Evolution of non-metallic inclusions in non-oriented electrical steel: industrial observations and laboratory test results

Non-oriented electrical steel is widely applied as a core material for various electrical machines due to its excellent soft magnetic properties. Besides grain size, precipitates, defects, and grain orientation, non-metallic inclusions (NMIs) significantly affect the magnetic properties of non-oriented electrical steel by inhibiting grain growth, distorting the lattice, and hindering domain wall motion. This study investigates changes in the inclusion landscape of non-oriented electrical steel during the manufacturing process. Accordingly, industrial samples from different production steps were analyzed using automated SEM/EDS measurements. The detected NMIs in each sample were compared with respect to elemental composition, number per mm², and mean equivalent circular diameter (ECD). Additionally, laboratory trials in a resistance-heated Tammann-type furnace with raw material from industry were carried out, examining the influence of Ce and La on the inclusion landscape. For the industrial samples, the number of NMIs per mm² decreases with ongoing processing.
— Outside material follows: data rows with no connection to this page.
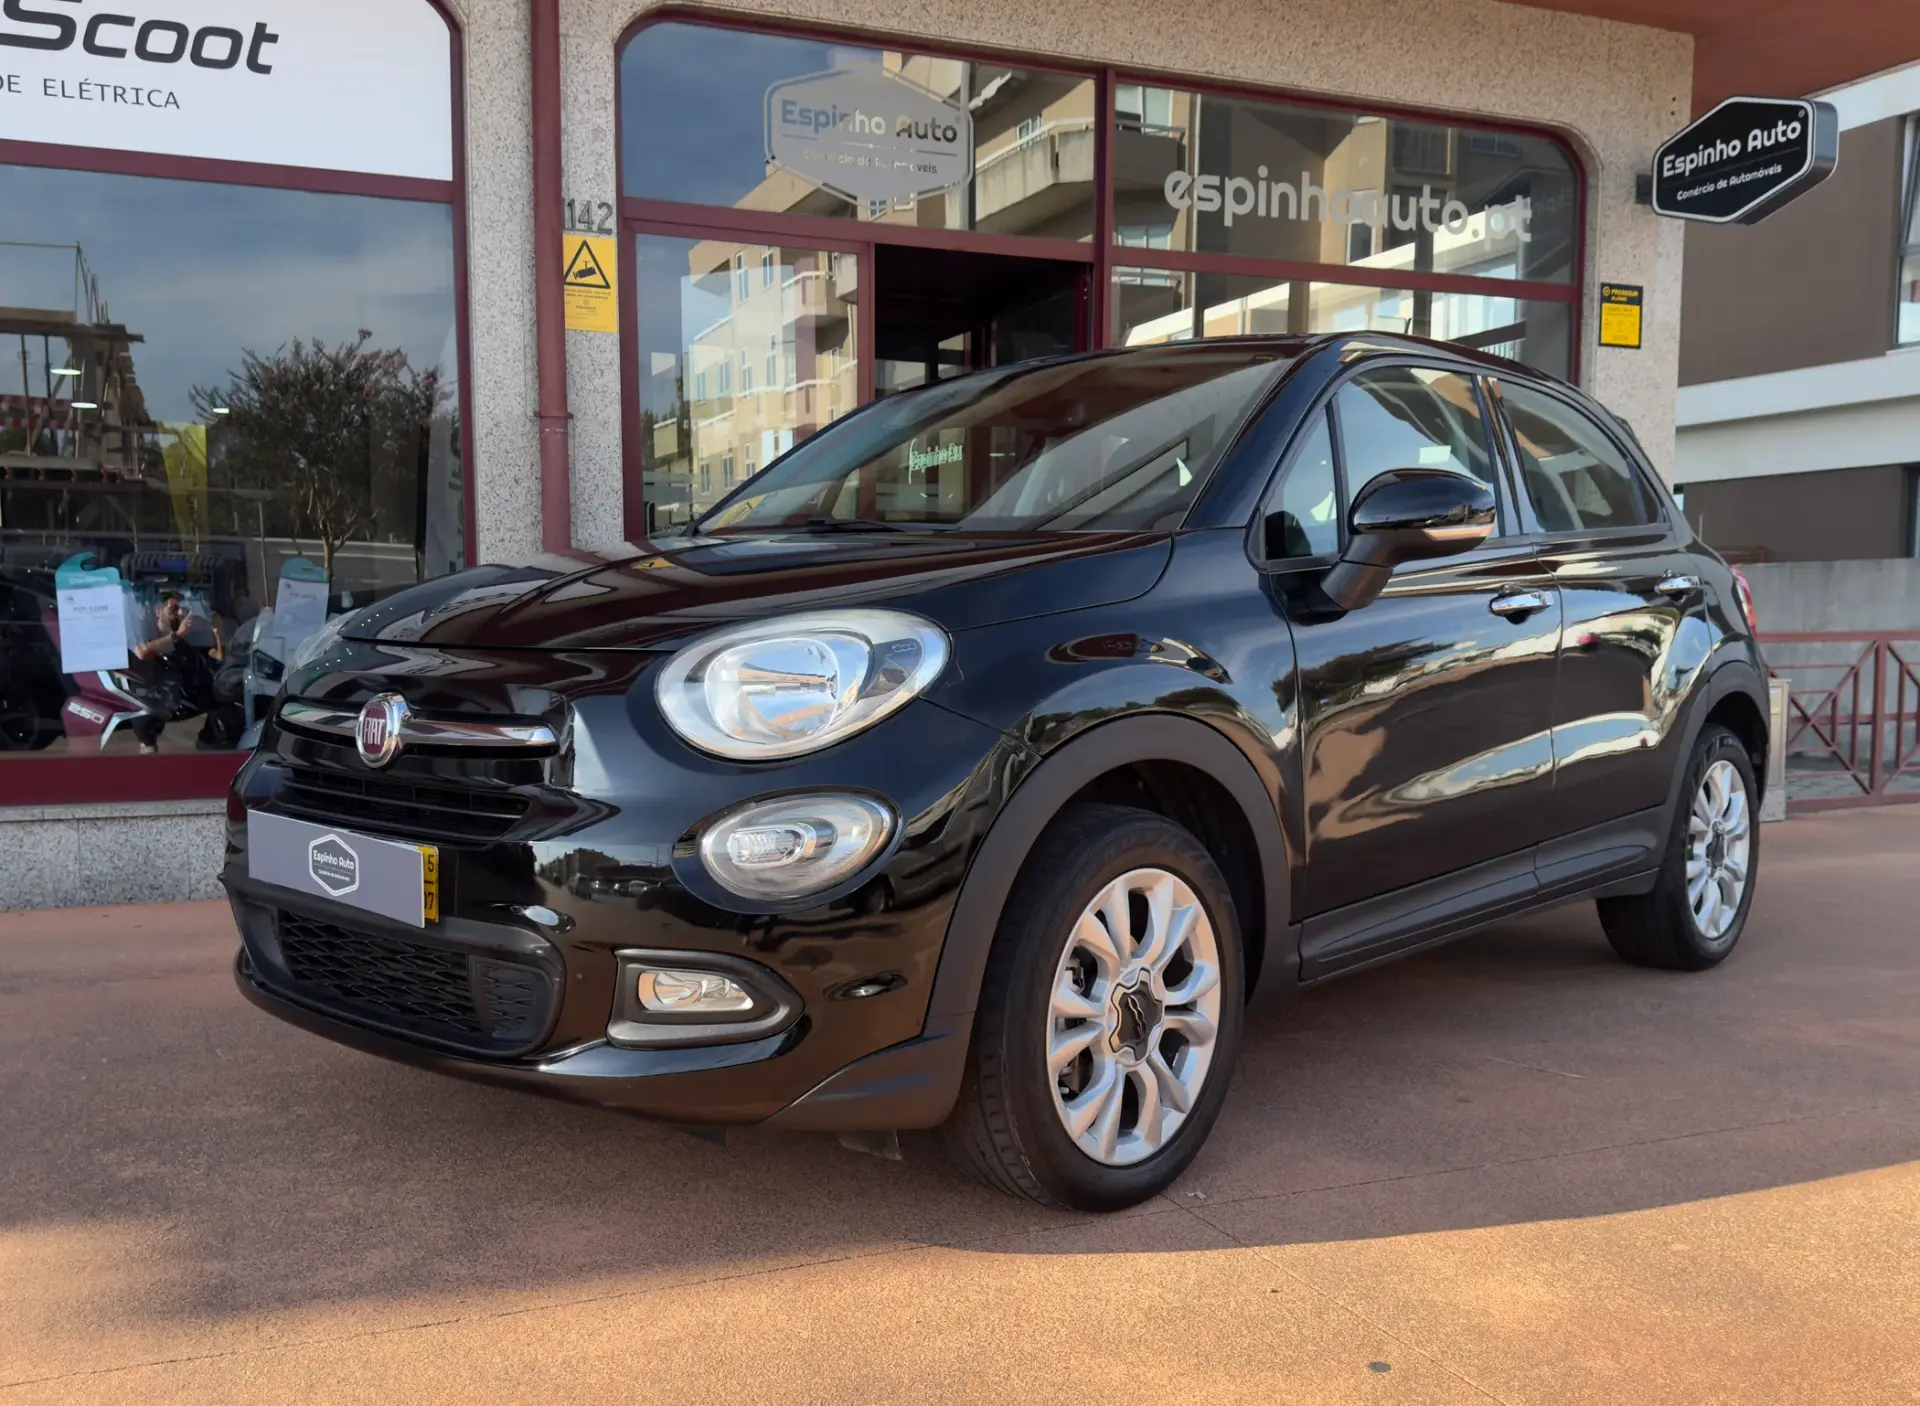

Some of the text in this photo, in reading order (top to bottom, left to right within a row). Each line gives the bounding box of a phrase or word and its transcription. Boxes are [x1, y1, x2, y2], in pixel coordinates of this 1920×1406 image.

[0, 75, 180, 110] E ELÉTRICA
[781, 100, 958, 144] Espinho Auto
[1662, 119, 1802, 178] Espinho Auto
[1676, 163, 1783, 201] Comércio de Automóveis
[567, 198, 613, 235] 142
[1164, 165, 1532, 250] espinhoauto.pt
[67, 702, 105, 725] 250
[363, 717, 385, 745] FIAT
[313, 849, 355, 870] Espinho Auto
Furthermore, a slight increase in the mean ECD is observed. The distribution of NMI classes changed from primarily oxides in the ladle furnace sample to comparable amounts of sulfides, nitrides, oxide–sulfides and nitride–sulfides in the final product. The laboratory samples alloyed with Ce and La showed a reduction in NMIs per mm² as well as an increase in mean ECD compared to the input material, which suggests an improvement of the magnetic properties.